Myles, can you try to be clearer with your questions......are you asking how we know if we have souls or how do we know that animals and humans have different types of souls?

Myles, even the fact that you’re asking this question points to something beyond materialism. Asking how something as immaterial as consciousness could arise from mere atoms suggests that, deep down, you recognize the existence of something beyond the physical—the soul—which science cannot account for.

It is indeed illogical to suggest that the complexity of human consciousness—the ability to think, reason, reflect, and pursue truth—is merely the result of blind, random interactions of atoms. The notion that atoms could generate consciousness is a philosophical absurdity, a reduction of man to nothing more than a machine. Materialism has no answer for the rational soul that animates us, and any attempt to reduce thought to purely physical processes simply denies the obvious: that we, as human beings, are not the sum of our physical parts.
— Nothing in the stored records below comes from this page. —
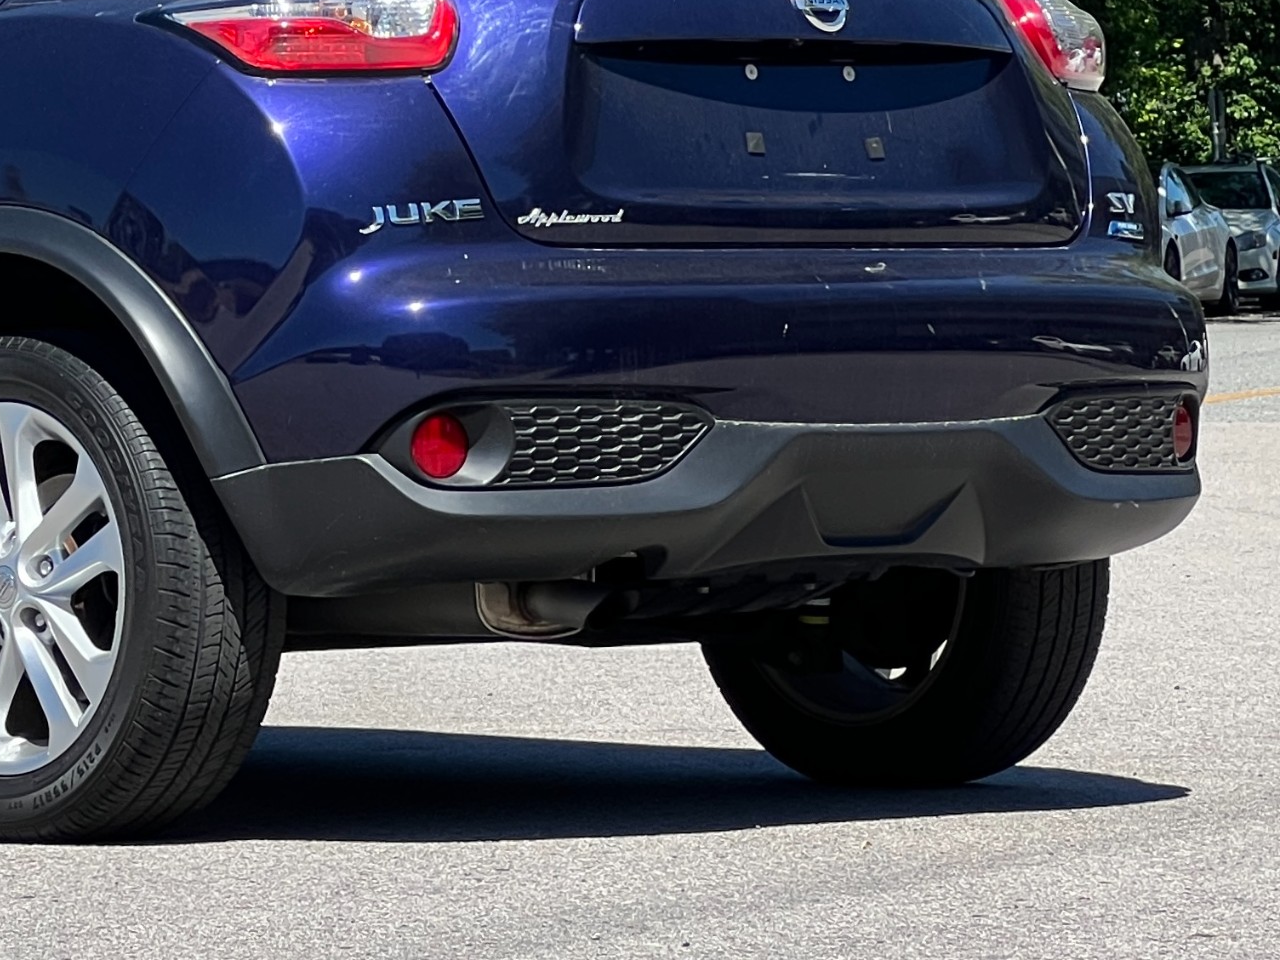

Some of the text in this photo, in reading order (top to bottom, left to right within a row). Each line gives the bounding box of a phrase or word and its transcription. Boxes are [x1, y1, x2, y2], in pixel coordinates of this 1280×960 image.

[1106, 192, 1135, 214] SV
[358, 198, 485, 235] JUKE
[517, 206, 625, 228] Applewood
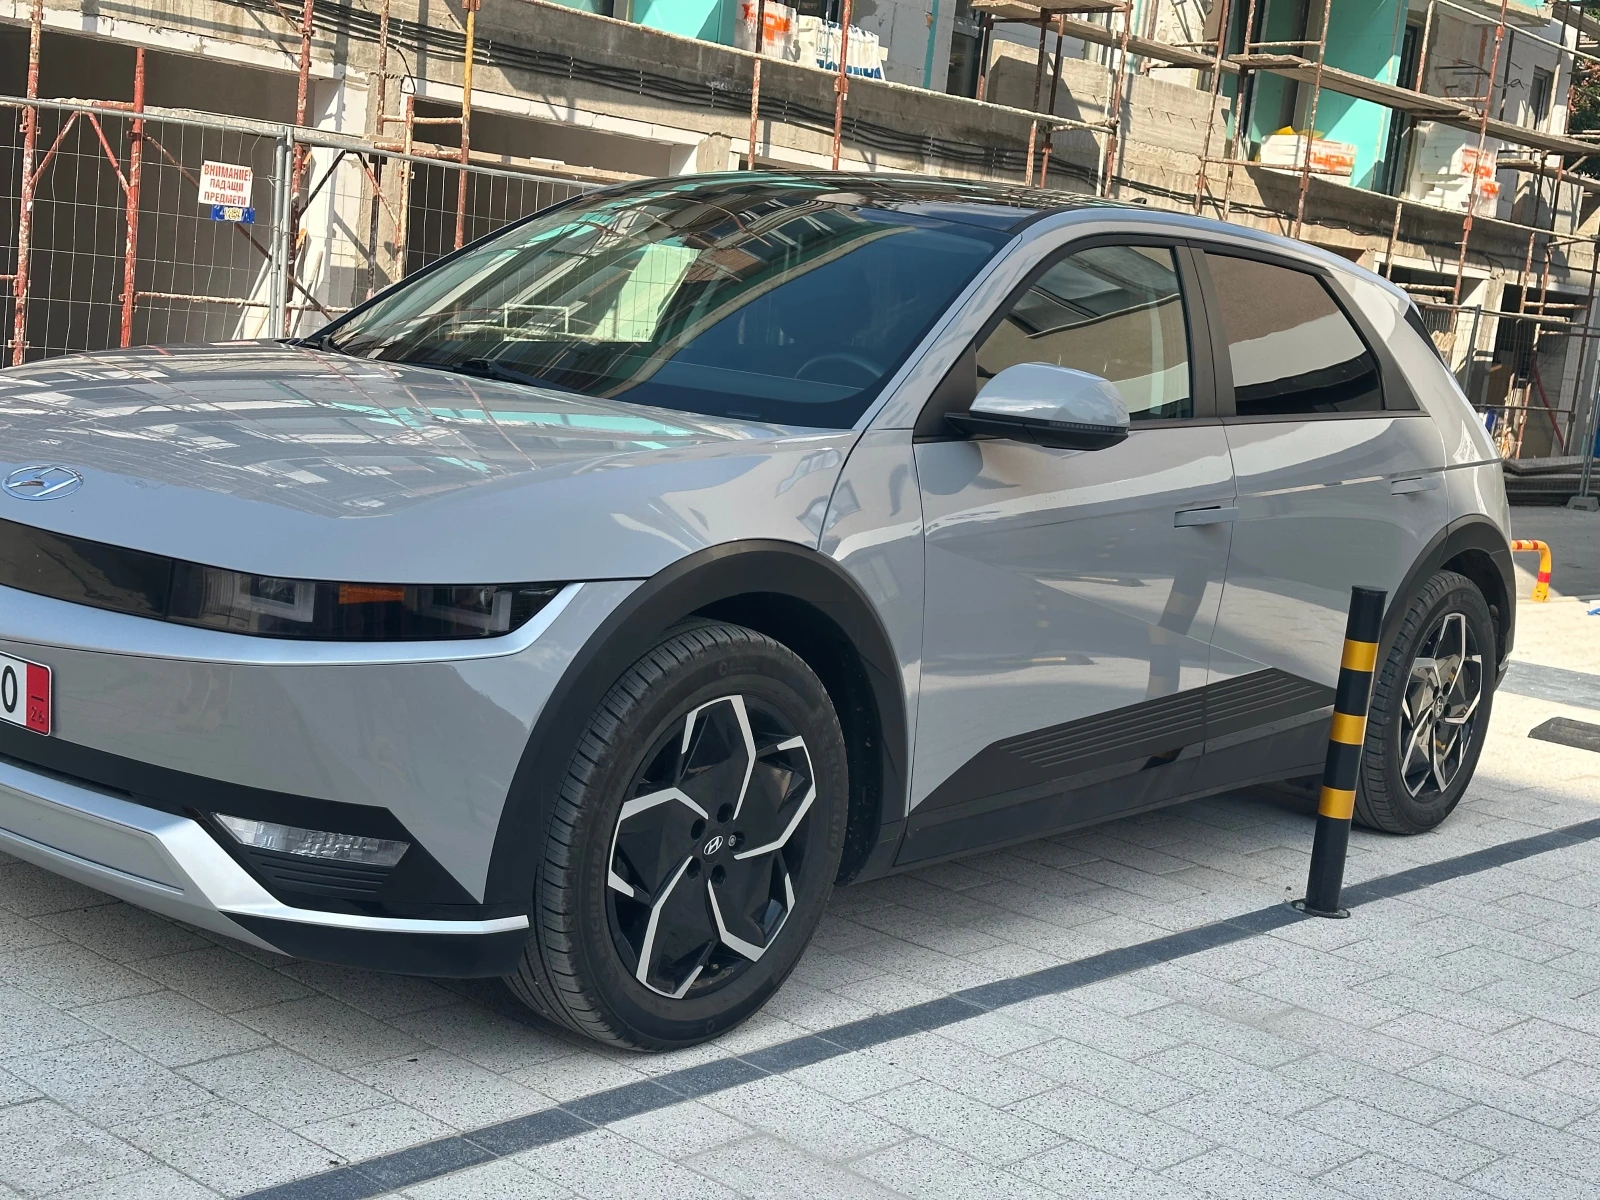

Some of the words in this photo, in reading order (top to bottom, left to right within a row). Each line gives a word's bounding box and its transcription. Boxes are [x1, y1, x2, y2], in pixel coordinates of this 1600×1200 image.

[204, 164, 251, 182] ВНИМАНИЕ!
[210, 178, 244, 193] ПАДАЩИ
[203, 191, 247, 206] ПРЕДМЕТИ
[30, 706, 45, 724] 26
[589, 847, 608, 959] MICHELIN
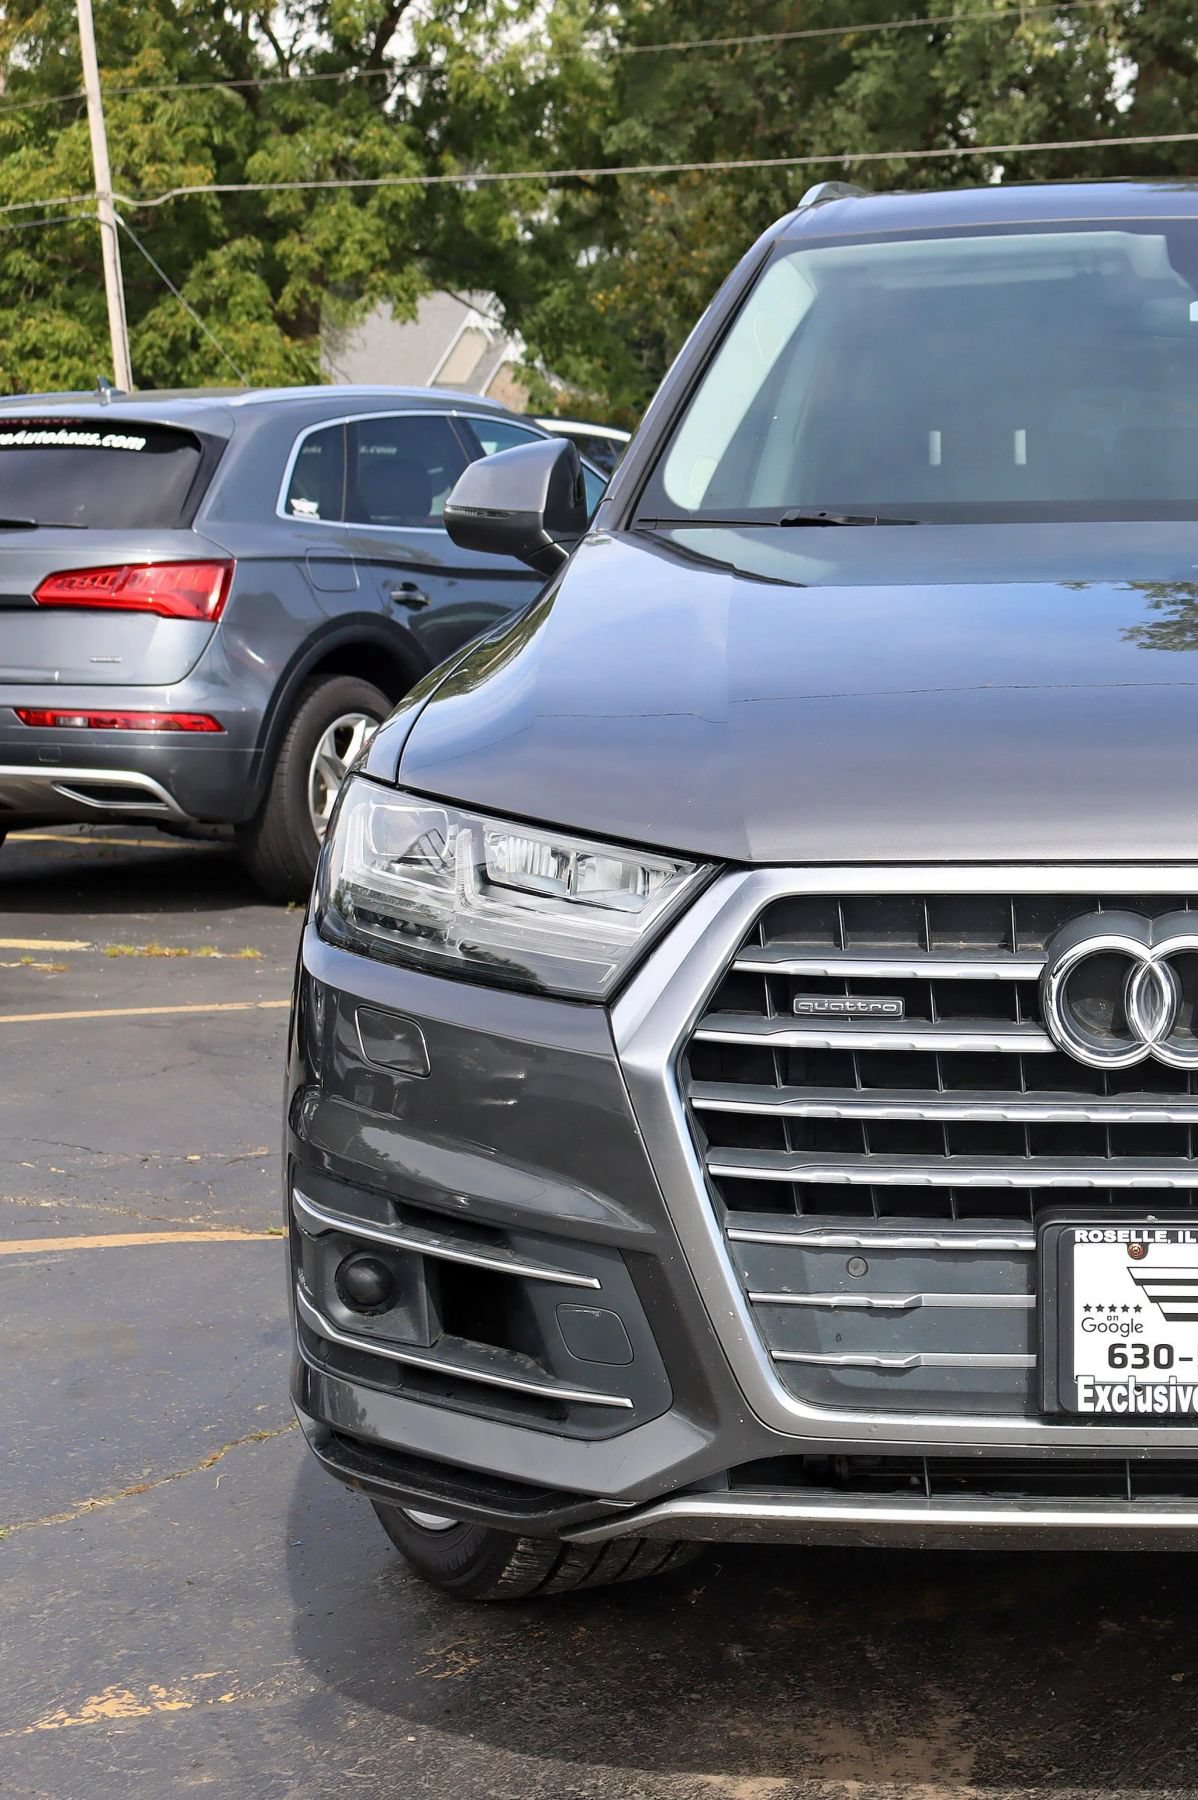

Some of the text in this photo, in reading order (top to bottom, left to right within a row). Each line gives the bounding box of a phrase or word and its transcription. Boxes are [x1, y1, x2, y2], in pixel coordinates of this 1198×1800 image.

[798, 1000, 897, 1012] quattro
[1074, 1229, 1197, 1244] ROSELLE, IL
[1081, 1316, 1144, 1337] Google
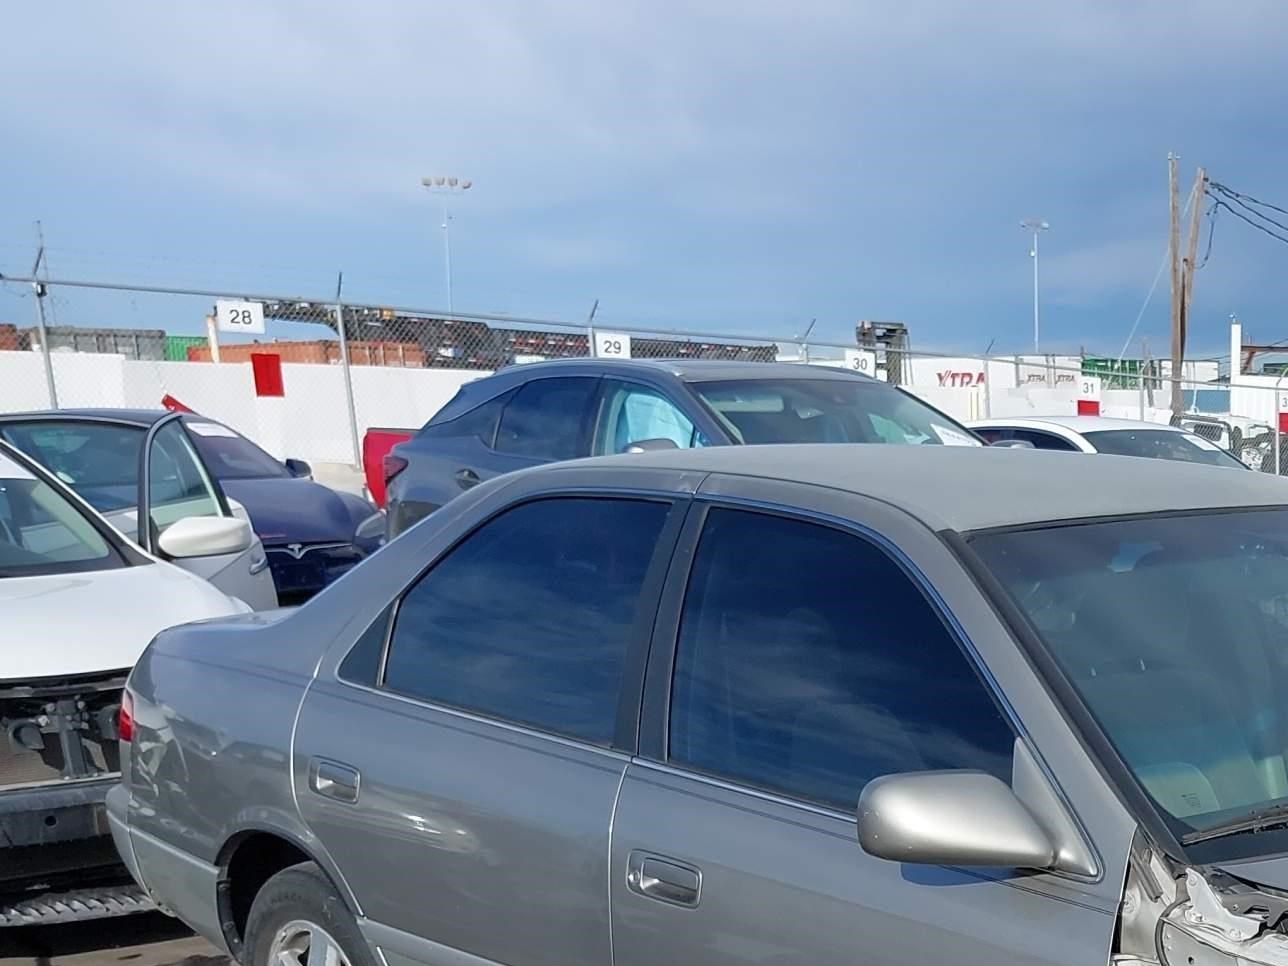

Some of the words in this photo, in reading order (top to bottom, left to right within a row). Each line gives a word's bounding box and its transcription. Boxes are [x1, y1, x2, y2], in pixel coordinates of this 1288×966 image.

It is far more reasonable to conclude that our consciousness—the very ability to ask questions, ponder the eternal, and understand abstract concepts—points to something transcendent. If we were nothing more than atoms contemplating themselves, we would be no different from any other piece of matter, yet we are capable of intellectual, moral, and spiritual acts that no machine, however complex, can replicate. The very fact that we question and seek meaning beyond the physical world demonstrates that we are not bound to it.

To reduce this to atoms is to miss the essence of what it means to be human. It is to ignore the reality that we are beings of spirit and rationality, not just material processes. Materialism cannot account for the moral dimension of life, the existence of love, or the pursuit of truth beyond mere survival.